The Northern Lights, polar lights or Aurora Borealis is one of the most beautiful sights Nature has to offer. The Aurora Borealis name was coined by Galileo from the Roman Goddess of the dawn and the Greek name for the North wind.

The Aurora can be viewed in a band called The Auroral Zone between 10 and 20 degrees from the geomagnetic poles of the Earth. Obviously a clear night and very dark skies are required to admire the full beauty of the aurora.

An aurora occurs when the solar wind and the magnetosphere interact. The magnetosphere is the region around a planet which governs charged particles around the magnetic field. The magnetic field and atmosphere is what protects us from deadly solar rays. 

The sun blasting charged particles toward Earth are intercepted by the magnetosphere causing them to changes states. This changing of states requires energy which in turn emits light. 

Depending on what molecules from the atmosphere interact with the charged particles, the Aurora can be different colours. If interacting with oxygen the Aurora will shine green.
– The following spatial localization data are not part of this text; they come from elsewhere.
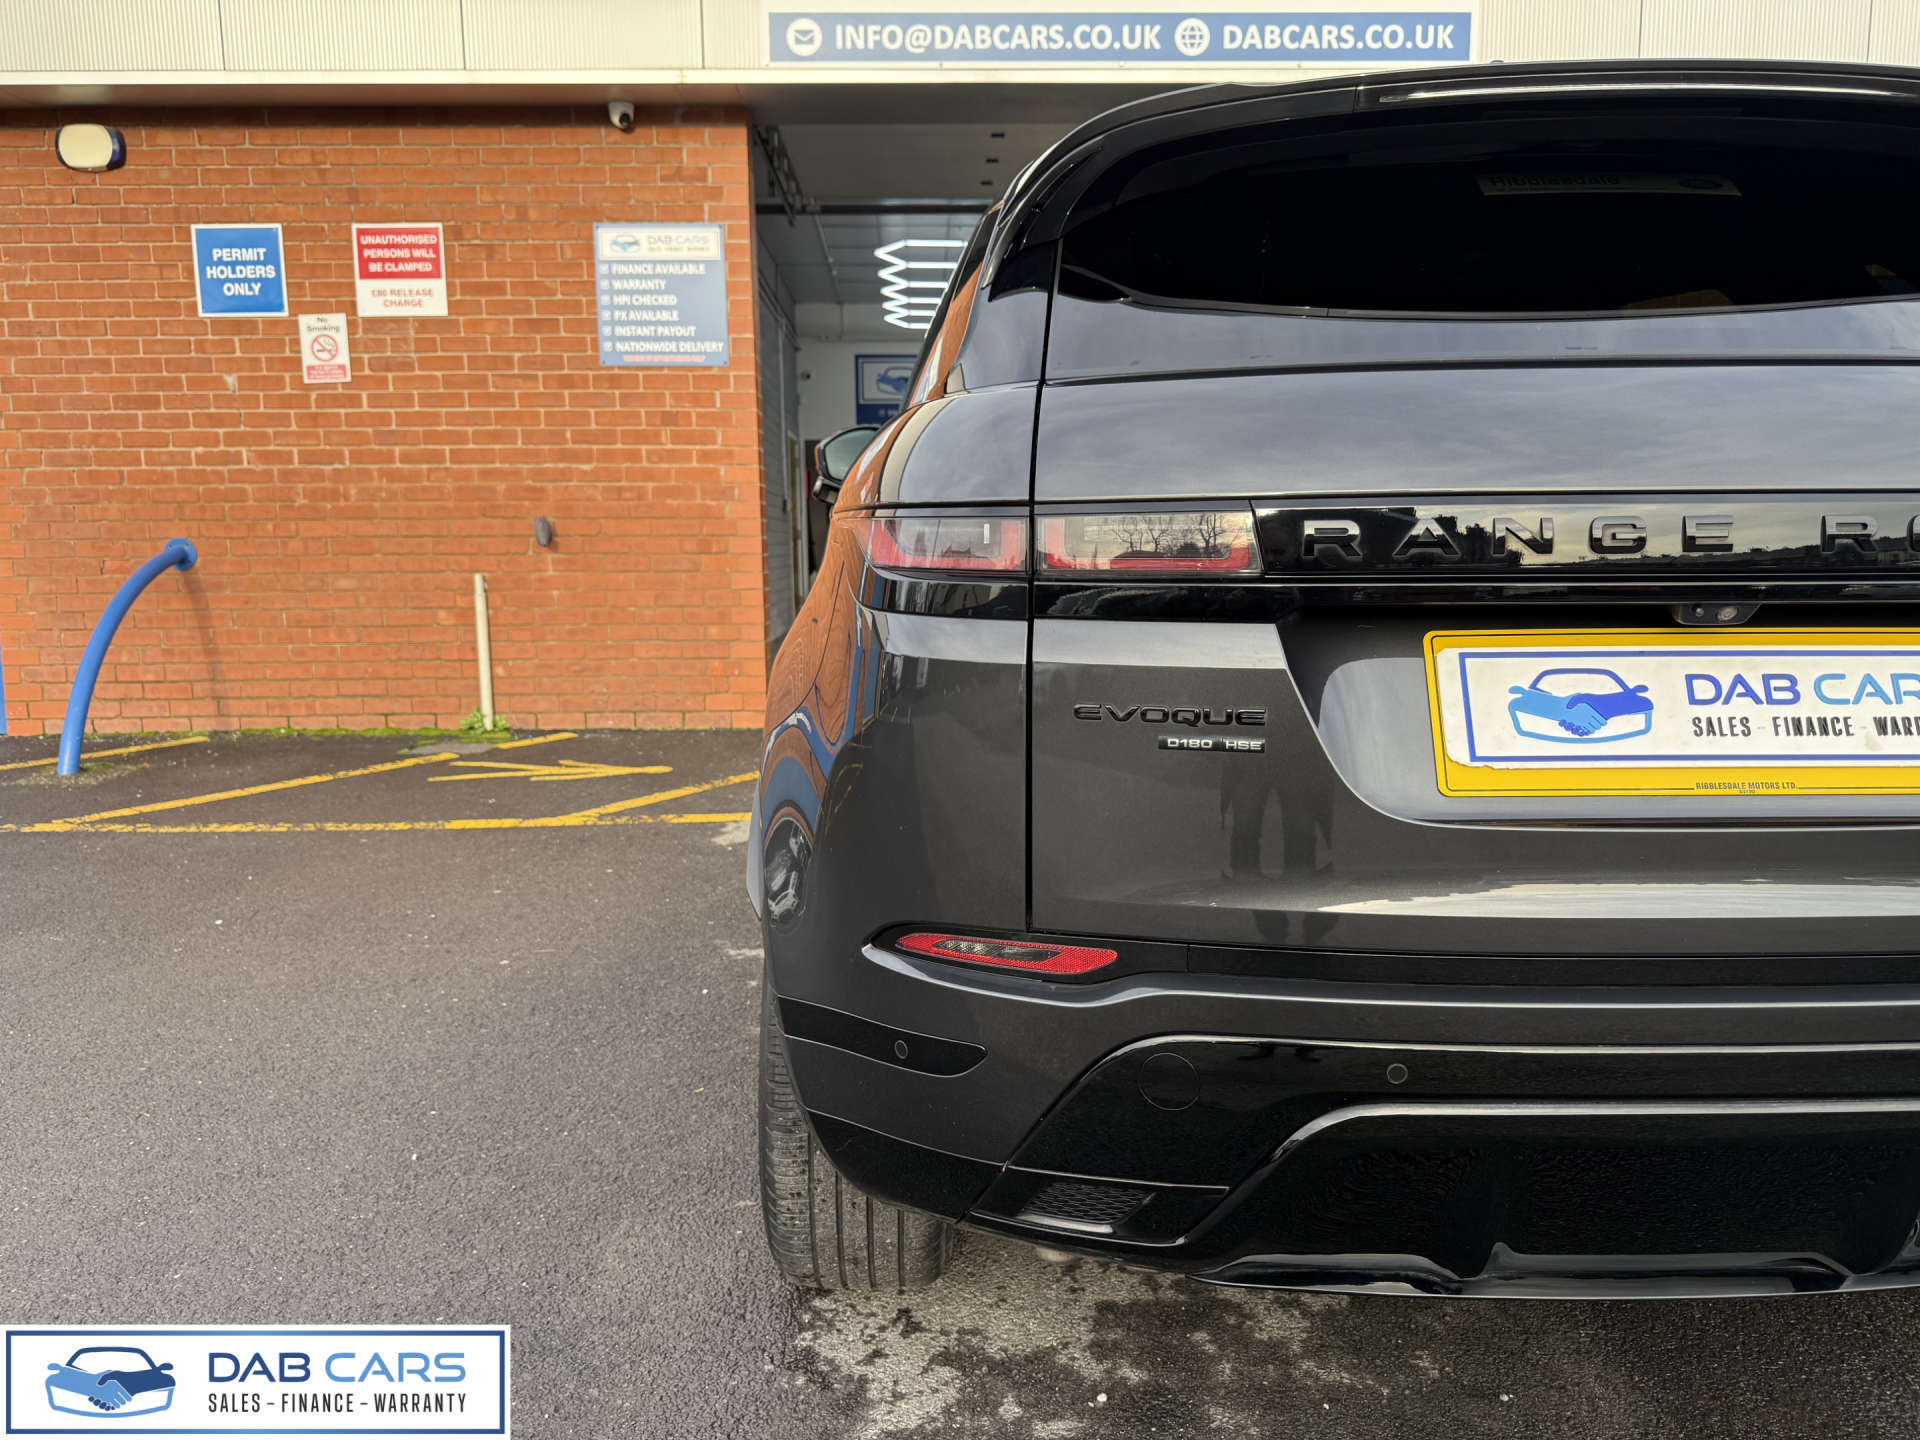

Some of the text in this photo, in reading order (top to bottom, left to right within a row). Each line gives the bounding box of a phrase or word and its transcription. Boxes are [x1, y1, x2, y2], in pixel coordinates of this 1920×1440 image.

[835, 24, 1162, 53] INFO@DABCARS.CO.UK
[1223, 24, 1455, 50] DABCARS.CO.UK
[361, 233, 437, 245] UNAUTHORISED
[212, 247, 267, 262] PERMIT
[363, 247, 437, 259] PERSONS WILL
[206, 264, 277, 279] HOLDERS
[368, 261, 433, 273] BE CLAMPED
[612, 263, 706, 275] FINANCE AVAILABLE
[223, 281, 262, 297] ONLY
[613, 279, 666, 290] WARRANTY
[632, 294, 677, 306] CHECKED
[628, 310, 679, 321] AVAILABLE
[615, 325, 696, 337] INSTANT PAYOUT
[615, 341, 724, 353] NATIONWIDE DELIVERY
[1302, 513, 1920, 560] RANGE R
[1684, 673, 1801, 705] DAB
[1073, 703, 1266, 727] EVOQUE
[1692, 715, 1752, 738] SALES
[1772, 716, 1855, 737] FINANCE
[1167, 738, 1262, 751] D180 HSE
[1695, 781, 1746, 790] RIBBLESDALE
[1748, 781, 1780, 790] MOTORS
If they interact with nitrogen, blue or red is observed although these are harder to see due to a darker colour.

We all know of the northern lights, interestingly there are southern lights aswell. They are mostly viewed from South America and the Antarctic regions. Same causes and effects as the Northern lights although viewed from the magnetic South Pole as opposed to North.

So why are auroras so important? Planets with magnetic fields and atmospheres can tell observers what they are made of. We have green Aurora light so it tells the universe we have an oxygen rich atmosphere. If any of the exo planets we have found have a green aurora. We have found life!